Elsewhere, across the first of its two weeks, Montreux Jazz Festival once again shows how, despite its name, it is a festival that prides itself in curating the crème de la crème across all genres. Hence why the fearless R&B and garage sounds of Jorja Smith on the Casino Stage fall on the same day that indie pop band London Grammar hypnotise us with a career-best performance of songs such as “Strong” and “Wasting My Young Years”. The event’s free stages now include the Spotlight Stage, where Liverpool’s Luvcat struts and shimmies to visually rich, ornate pop influenced by Frank Sinatra and Nick Cave.

Celeste’s return to the festival finds her on the Lake Stage on Thursday, eyes circled with black paint and a crown of crow feathers atop her head.
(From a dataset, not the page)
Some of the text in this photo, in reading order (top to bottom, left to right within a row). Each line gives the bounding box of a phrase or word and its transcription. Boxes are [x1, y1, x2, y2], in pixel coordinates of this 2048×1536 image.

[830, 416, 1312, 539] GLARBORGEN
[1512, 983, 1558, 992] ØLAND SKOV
She performs with a pained, hollow-eyed expression – her smoky, soaring cry heard on songs such as “Strange”, the lead single from her 2019 debut Not Your Muse, and the James Bond-esque “This is Who I Am”. You wonder whether Celeste is genuinely miserable or simply channelling Billie Holiday – the latter is confirmed when she grins suddenly, more than happy to sign the vinyl records waved at her by fans in the front row.

Lionel Richie’s headline performance is perhaps the most baffling of the week, with tacky visuals that remind us, unfortunately, of an In Memoriam segment, and some alarming hip thrusts. Still, his audience laps it up, whether during an out-of-step singalong to “Stuck on You” or the schmaltz of “Three Times a Lady”.
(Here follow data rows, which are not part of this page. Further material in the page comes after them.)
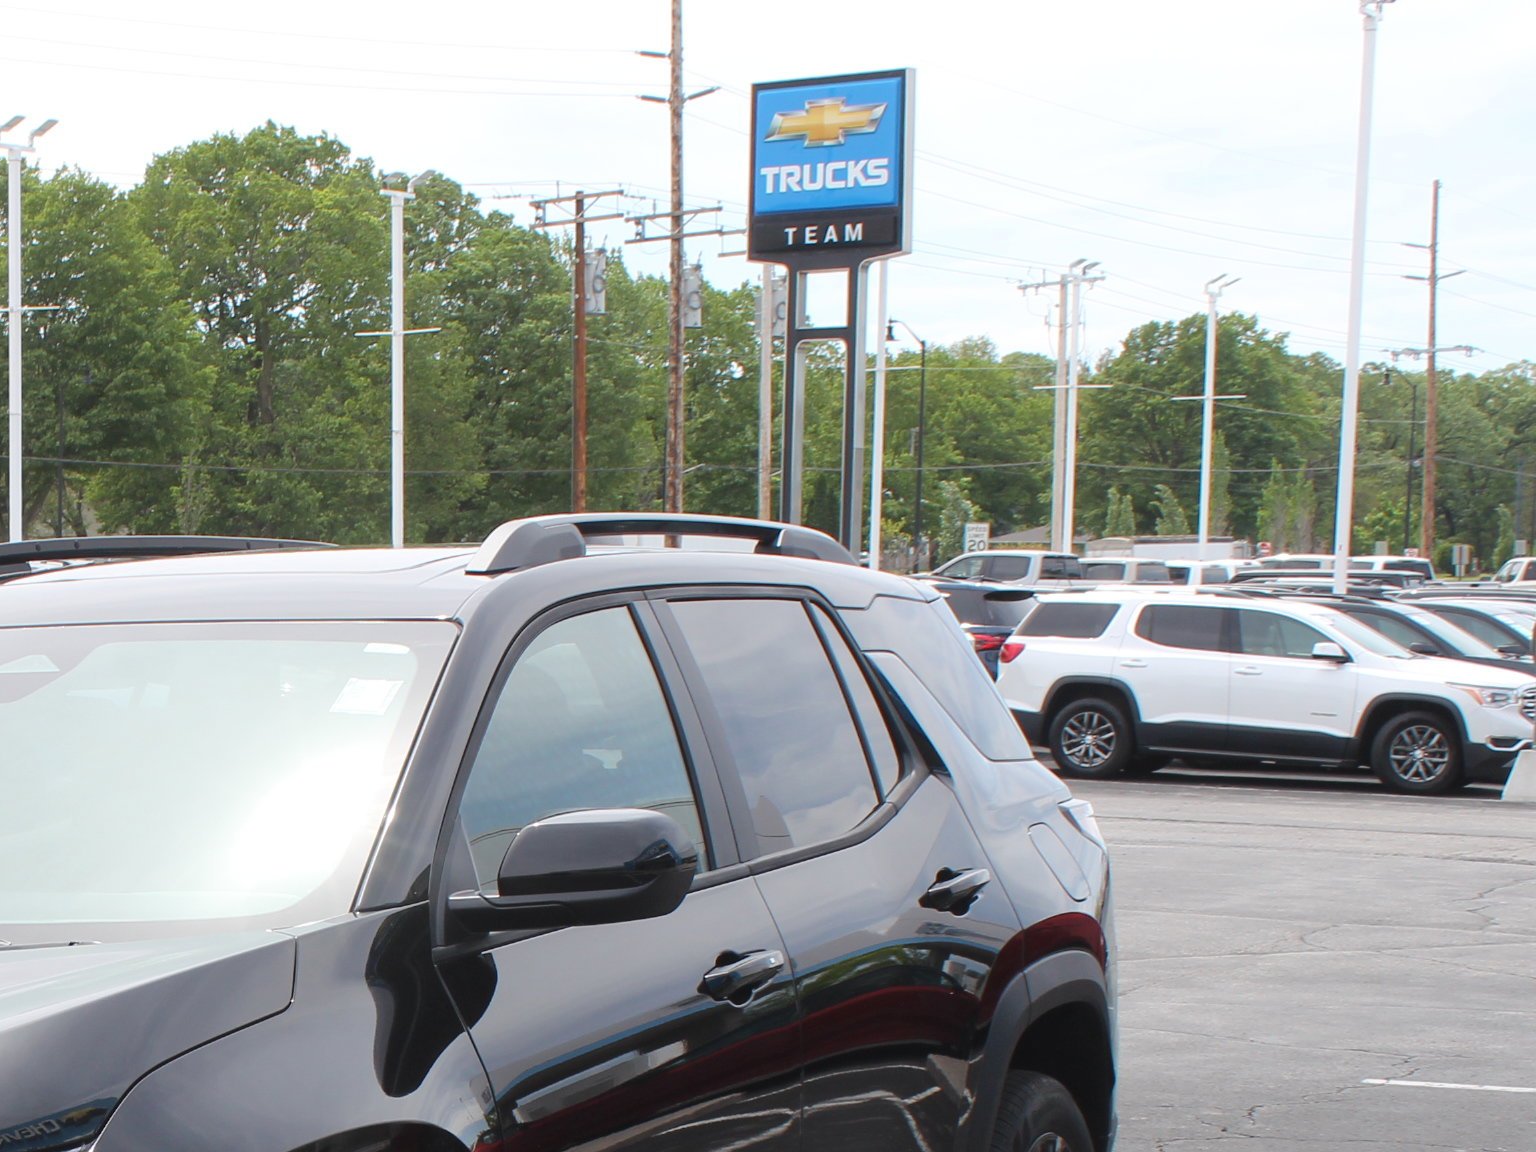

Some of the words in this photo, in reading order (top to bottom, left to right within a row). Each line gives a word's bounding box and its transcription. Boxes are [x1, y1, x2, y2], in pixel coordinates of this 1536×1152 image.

[760, 157, 889, 194] TRUCKS
[784, 223, 863, 246] TEAM
[967, 539, 986, 551] 20
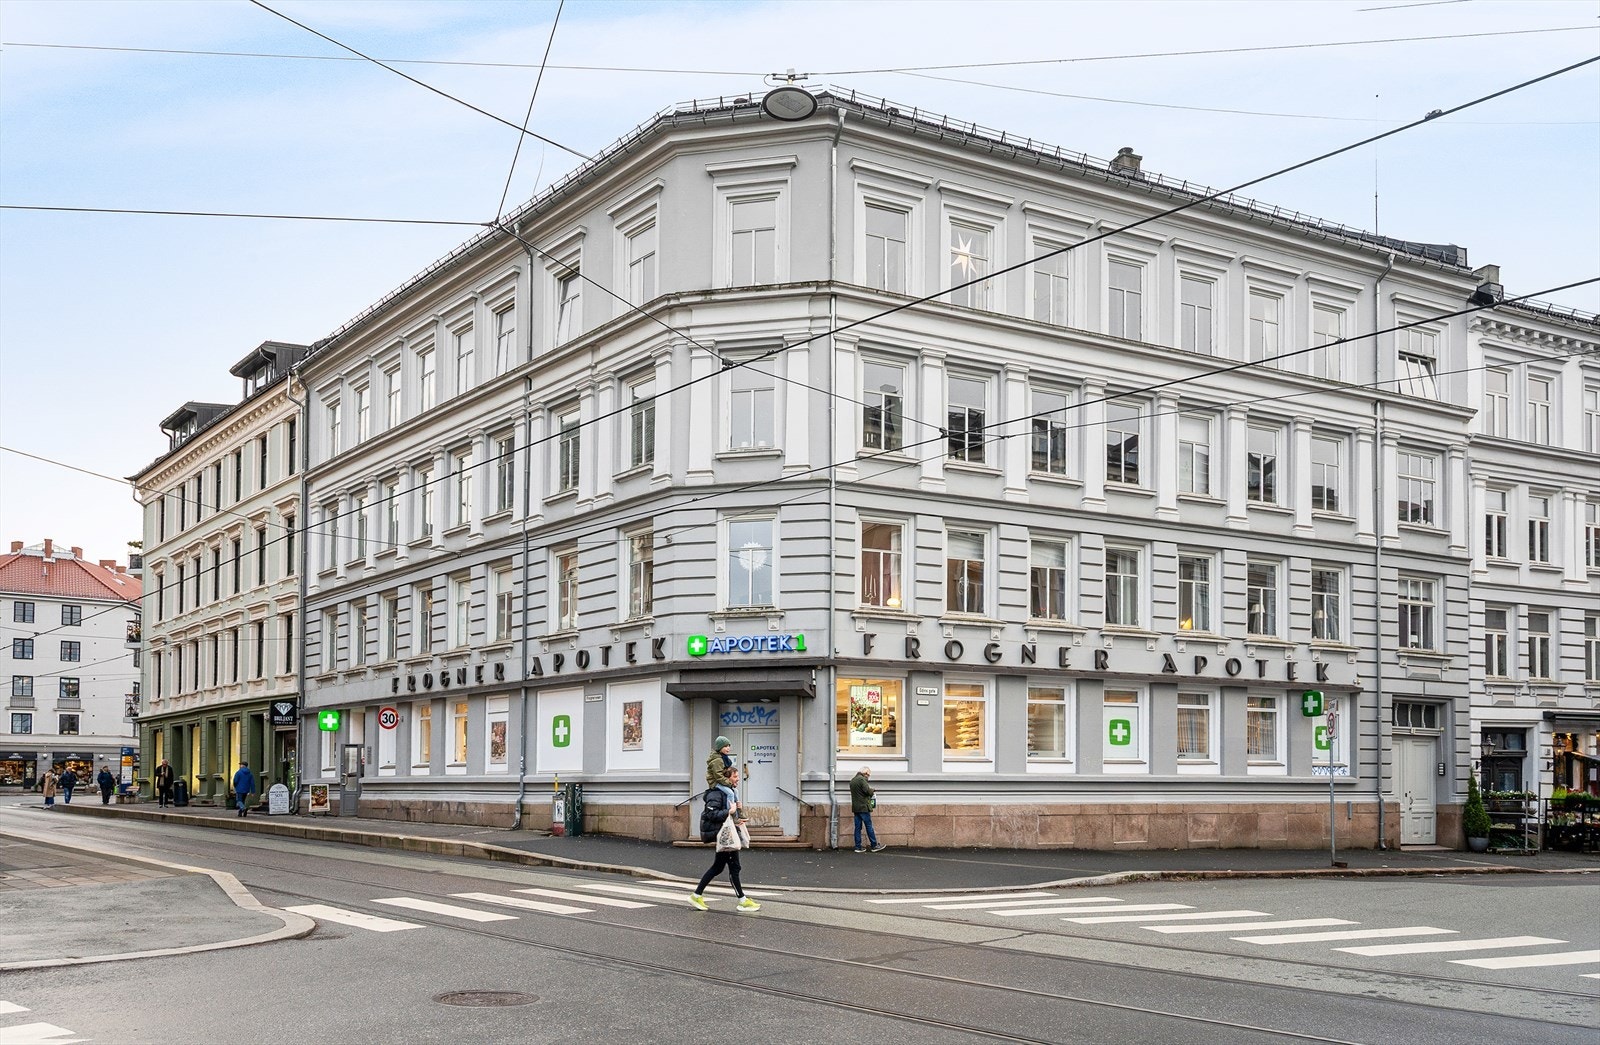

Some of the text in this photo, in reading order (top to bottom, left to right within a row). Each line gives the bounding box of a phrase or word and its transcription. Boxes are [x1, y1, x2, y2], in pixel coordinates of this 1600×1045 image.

[710, 633, 807, 655] APOTEK 1
[863, 632, 1330, 682] FROGNER APOTEK
[391, 637, 666, 694] FROGNER APOTEK
[382, 713, 395, 724] 30
However, it’s Diana Ross who reigns over Montreux’s first week, sashaying onto the Lake Stage looking like a jewel-encrusted Aperol spritz in a sequinned orange bodice and ginormous feather cloak. She has so many hits that some of them, such as “Love Hangover”, have to be condensed. Others, like a euphoric Gloria Gaynor cover of “I Will Survive”, are given space to breathe with spectacular solos from her backing band. Ross has no fewer than five costume changes, from a purple and pink explosion of taffeta to a slinky silver number.

Ross’s gratitude for her staggering career is plain to see as she wipes away tears, overcome by emotion at the rapturous reception to her 1980 Motown classic “Upside Down”. Blowing kisses, she is helped offstage by her daughter Rhonda – a talented singer in her own right – leaving her audience to wander out onto the sun-warmed streets of Switzerland, dazed and elated.